Éditorial : Challenge inter force, quelle perspective pour un enjeu de cohésion nationale et de « diplomatie militaire ? »

Le challenge inter force n’est pas un simple défilé de muscles et de drapeaux. Derrière la compétition, il y a une idée simple et puissante : mettre en place les Forces de défense et de sécurité (FDS) face aux épreuves pour rappeler qu’elles servent un seul pays : le Gabon.

Gendarmerie, Armée (FAG), Garde républicaine, Police, Sécurité pénitentiaire, Génie militaire, Santé militaire, Douanes, Eaux et Forêts : chacun à sa mission, sa culture, ses réflexes. Le problème est que ces différences deviennent parfois des cloisons.

Le challenge force les corps à coopérer entre eux, à se mesurer loyalement, à se mesurer comme des partenaires et non comme des concurrents.
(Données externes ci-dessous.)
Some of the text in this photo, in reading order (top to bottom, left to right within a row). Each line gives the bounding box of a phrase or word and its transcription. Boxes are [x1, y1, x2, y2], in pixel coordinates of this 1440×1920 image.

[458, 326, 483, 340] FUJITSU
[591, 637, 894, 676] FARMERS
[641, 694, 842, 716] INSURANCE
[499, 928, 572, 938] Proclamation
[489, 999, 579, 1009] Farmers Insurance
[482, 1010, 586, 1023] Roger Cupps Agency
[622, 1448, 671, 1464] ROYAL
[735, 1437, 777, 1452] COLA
Dans une opération réelle, une mauvaise coordination coûte des vies.

Remettre la condition physique et la discipline au centre.
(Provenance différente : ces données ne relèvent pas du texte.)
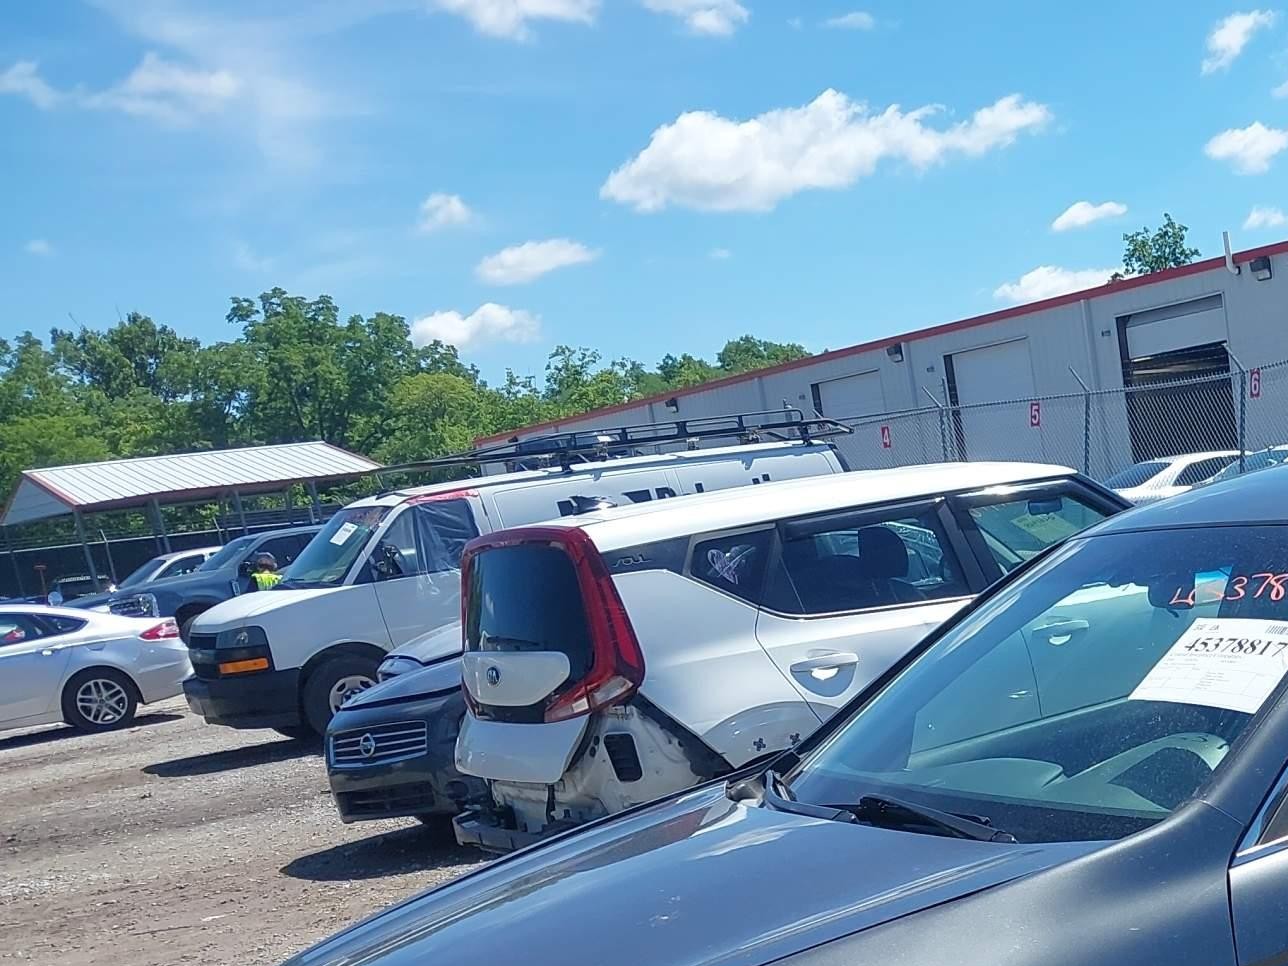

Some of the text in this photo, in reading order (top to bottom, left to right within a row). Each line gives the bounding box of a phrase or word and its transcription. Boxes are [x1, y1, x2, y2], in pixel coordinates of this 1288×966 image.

[1251, 373, 1260, 395] 6
[1031, 405, 1040, 424] 5
[882, 428, 891, 447] 4
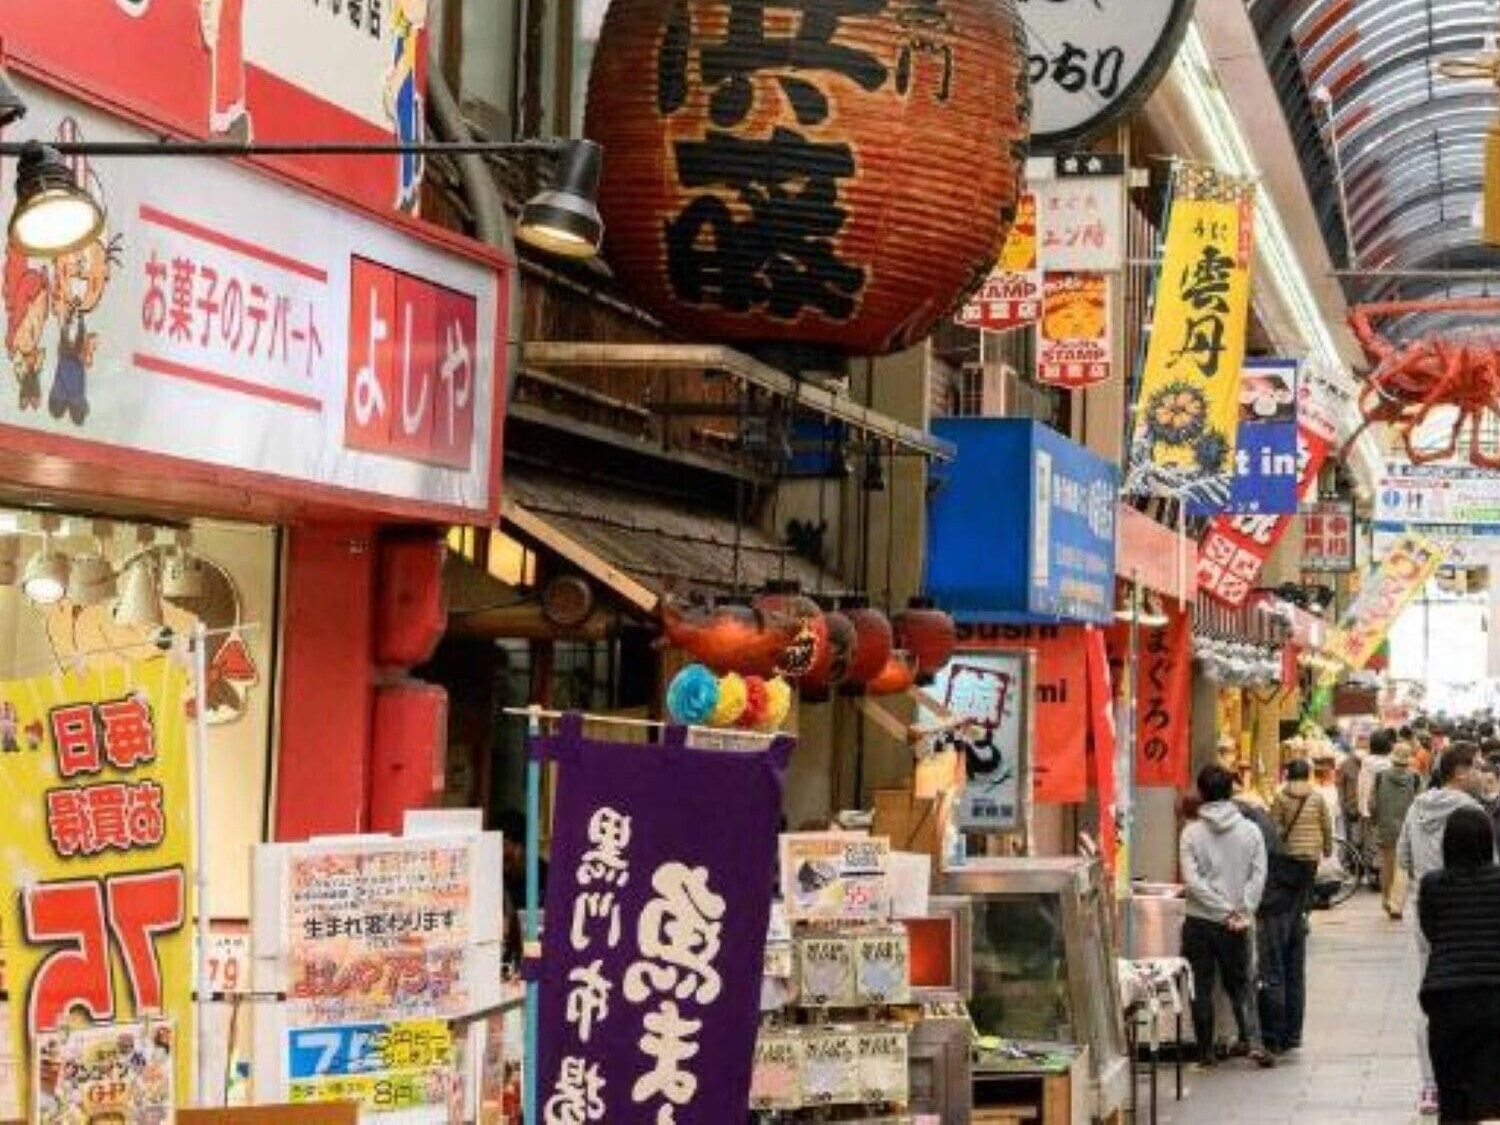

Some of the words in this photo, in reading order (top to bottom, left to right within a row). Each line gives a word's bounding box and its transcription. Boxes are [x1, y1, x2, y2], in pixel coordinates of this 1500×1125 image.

[1027, 41, 1124, 100] っちり
[141, 249, 324, 376] お菓子のデパート
[973, 283, 1037, 301] TAMP
[353, 285, 471, 446] よしや
[1036, 678, 1067, 703] mi
[302, 908, 457, 940] 生まれ変わります
On peut avoir le meilleur équipement, si l’homme derrière flanche, tout le dispositif s’écroule. Le challenge inter force remet la préparation physique, l’endurance, la rigueur au premier plan. C’est un message du Président de la République, chef de l’État, chef du Gouvernement, chef suprême des Forces de défense et de sécurité envoyé aux troupes et à l’opinion publique : le métier des armes est exigeant. Pas de place pour le laisser-aller quand la sécurité du pays est en jeu.

Rapprocher les forces de la population.

Le public voit des hommes et des femmes qui suent, qui tombent, qui se relèvent. On sort de l’image abstraite du «corps habillé» pour retrouver des Gabonais au service d’autres Gabonais. Dans un contexte où la confiance se gagne mètre par mètre, c’est un investissement politique et social de grande portée nationale.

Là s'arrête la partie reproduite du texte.